先払いとは露知らず、てっきり後払いとばかり思っていたエナガは店先で注文を済ますと席を探すべく先に店の中へ入って行った。
昼時のゴールデンタイムということもあって早く席を確保しなければという意識しか頭になかったのがいけなかったのだろう。

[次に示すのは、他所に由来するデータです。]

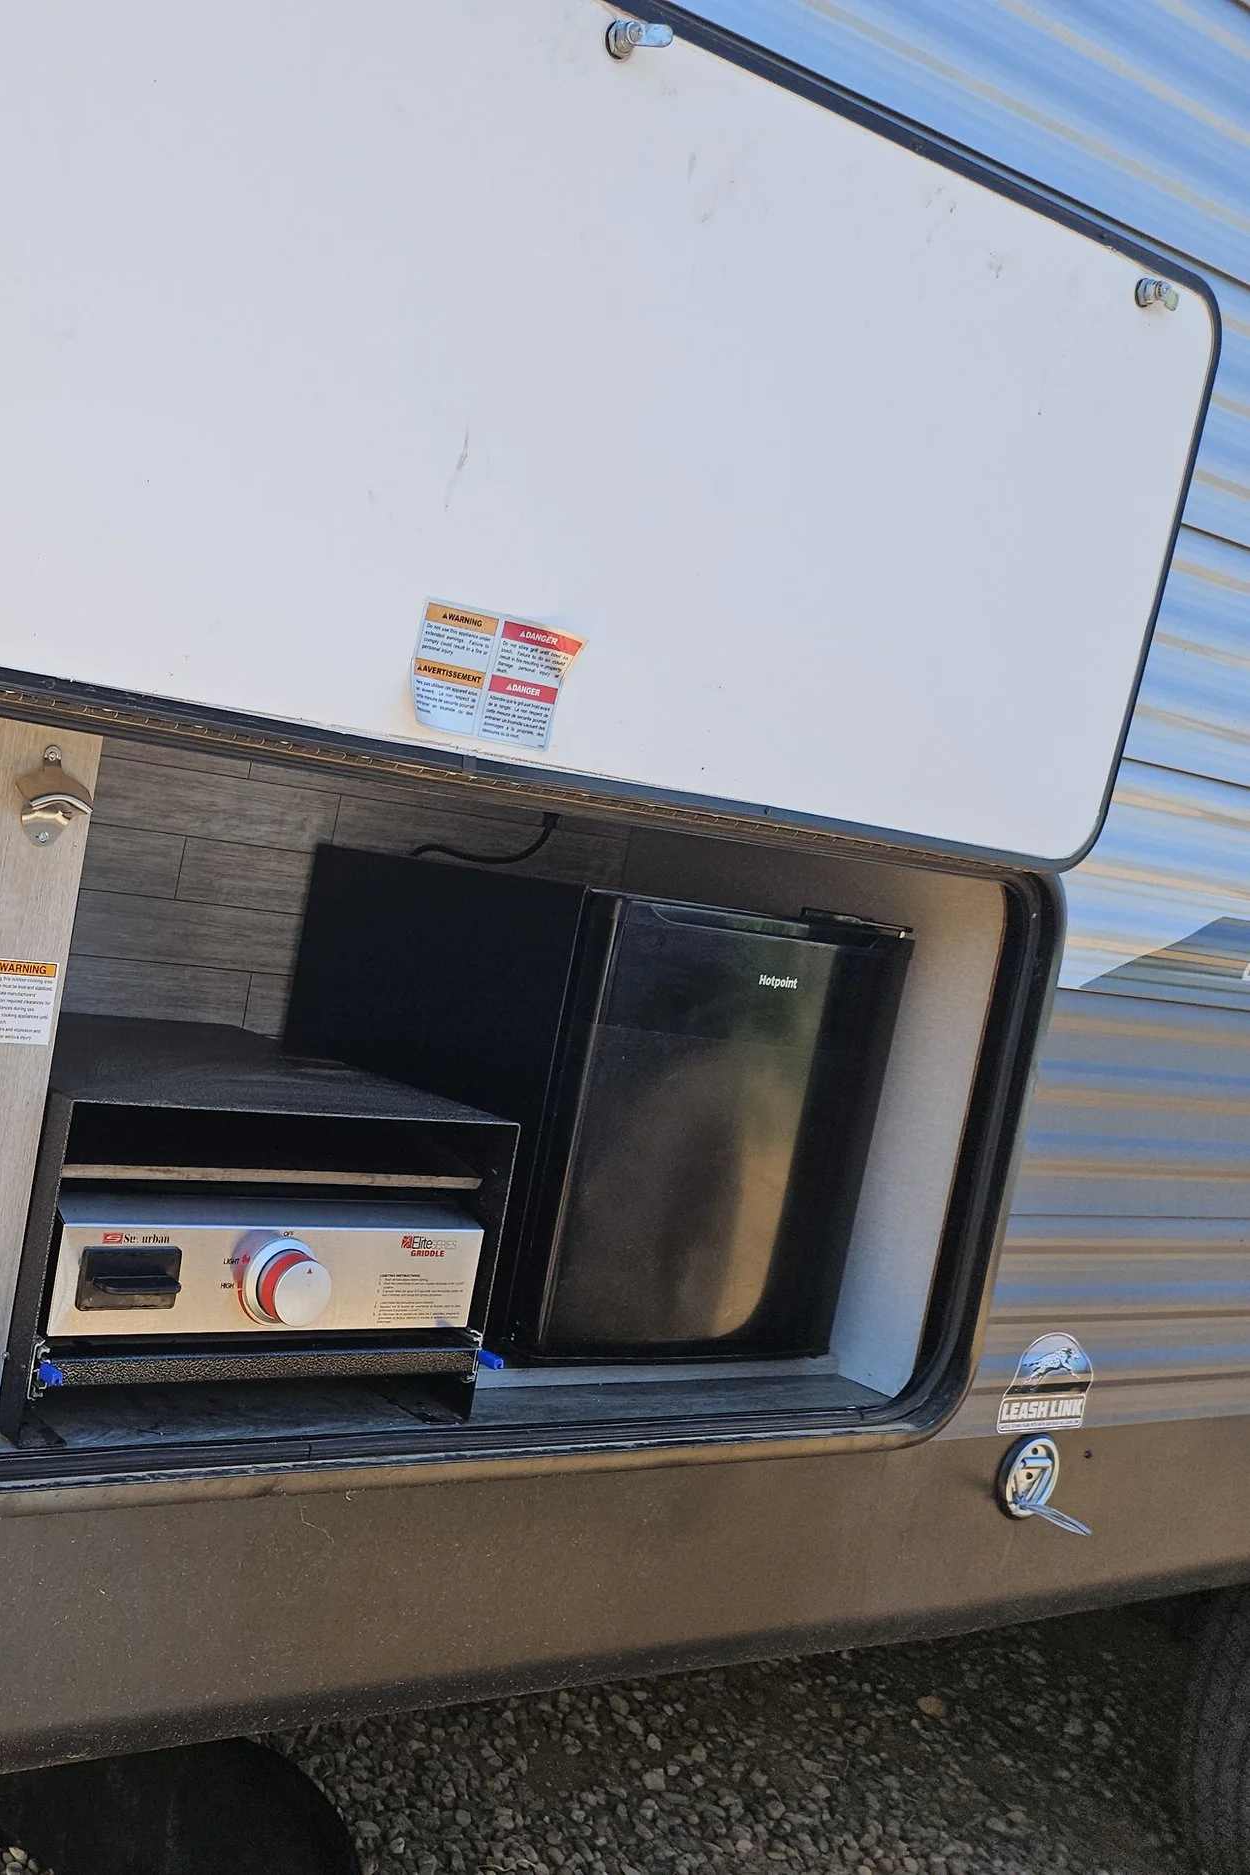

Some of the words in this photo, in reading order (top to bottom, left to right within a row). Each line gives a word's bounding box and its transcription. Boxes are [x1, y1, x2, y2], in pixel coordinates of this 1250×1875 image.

[450, 614, 482, 627] WARNING
[526, 632, 559, 645] DANGER
[422, 665, 482, 683] AVERTISSEMENT
[540, 669, 551, 677] injury
[512, 684, 541, 697] DANGER
[0, 963, 47, 974] WARNING
[759, 974, 798, 989] Hotpoint
[1001, 1401, 1049, 1420] LEASH
[1049, 1399, 1083, 1417] LINK

よくよく考えるとあの時、店の人に呼び止められたような気がしないでもない。
店内が賑やかであったのと、焦りで頭がいっぱいだったのとでかけられた声が自分へのものだとは考えなかったのだ。
やってしまった。
後悔と羞恥に耐えかねたエナガはへなへなと再び座り込んだ。
「そんなに気にしなくとも大丈夫ですよ」
「気にするよ…。私の分まで払わせちゃったでしょ」
「ああ、それなら最初からエナガ殿の分も私が支払うつもりだったので問題ありません」
「は…?いや、奢ってもらう理由なんてないよ。それに、これでも一応仕事した分だけは給料もらってるから」
「ですから気にしないでください」
ね、と笑顔ながらも反論は許さないとばかりに最後に念を押すと、陸遜は言い返す間も与えずに今度は長居すると待っている方の迷惑になりますよと先程のエナガの言葉をそのまま返して先に店の外へと歩き出した。
良いように言いくるめられた感が拭えずにいるエナガだが、入口付近で席を待つ人の列が目に入ったので渋々ながらも陸遜の後を追って店を出ることにした。